Set down each record below precisely, skipping the pictures.

(Beginning of EXERCISE INPUT)

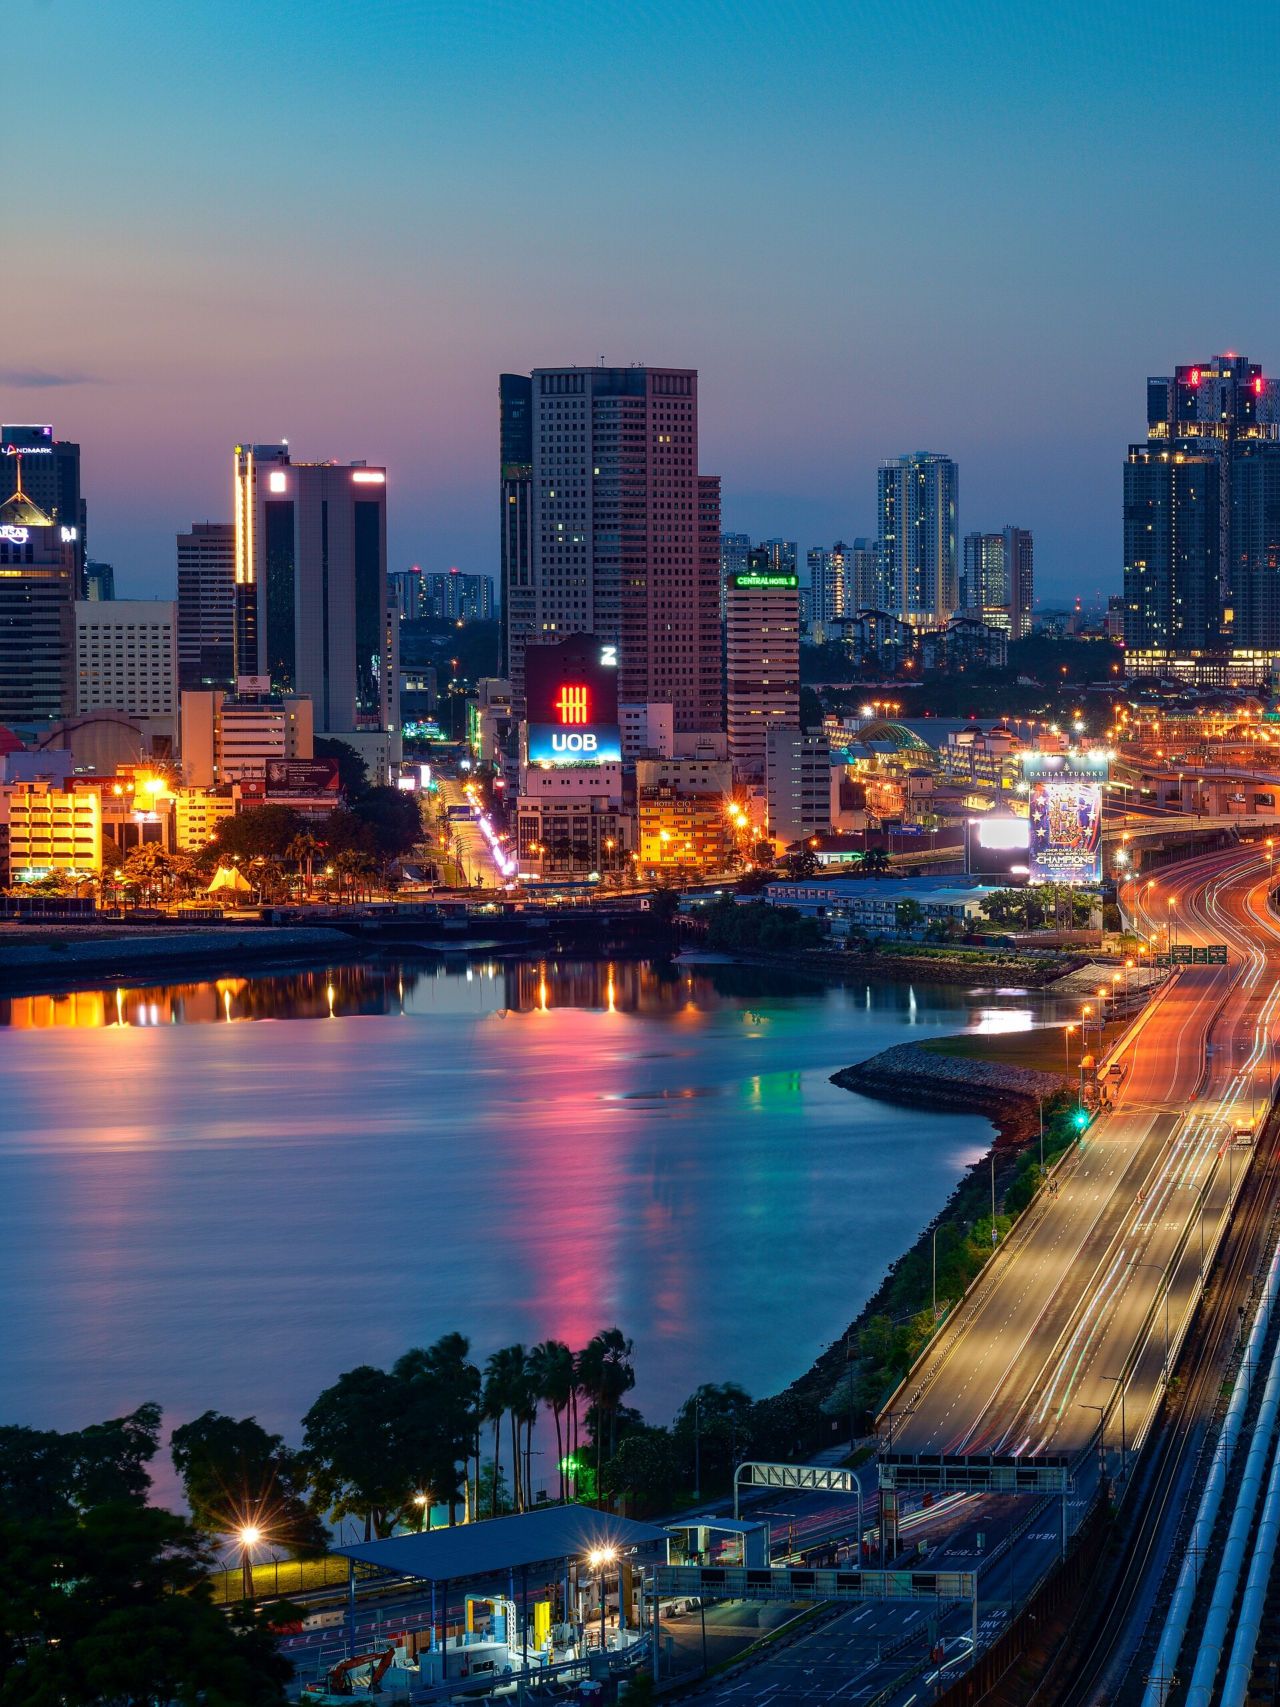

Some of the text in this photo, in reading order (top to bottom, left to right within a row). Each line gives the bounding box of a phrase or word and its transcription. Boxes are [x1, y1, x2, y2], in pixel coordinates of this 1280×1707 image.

[1, 445, 52, 455] LANDMARK
[737, 577, 769, 585] CENTRAL
[552, 734, 597, 751] UOB
[1036, 856, 1095, 864] CHAMPIONS

(End of EXERCISE INPUT)

**OUTPUT OF THE TASK**
Some of the text in this photo, in reading order (top to bottom, left to right within a row). Each line gives the bounding box of a phrase or word and its transcription. Boxes are [x1, y1, x2, y2], in pixel coordinates of this 1280×1707 image.

[1, 445, 52, 455] LANDMARK
[737, 577, 769, 585] CENTRAL
[552, 734, 597, 751] UOB
[1036, 856, 1095, 864] CHAMPIONS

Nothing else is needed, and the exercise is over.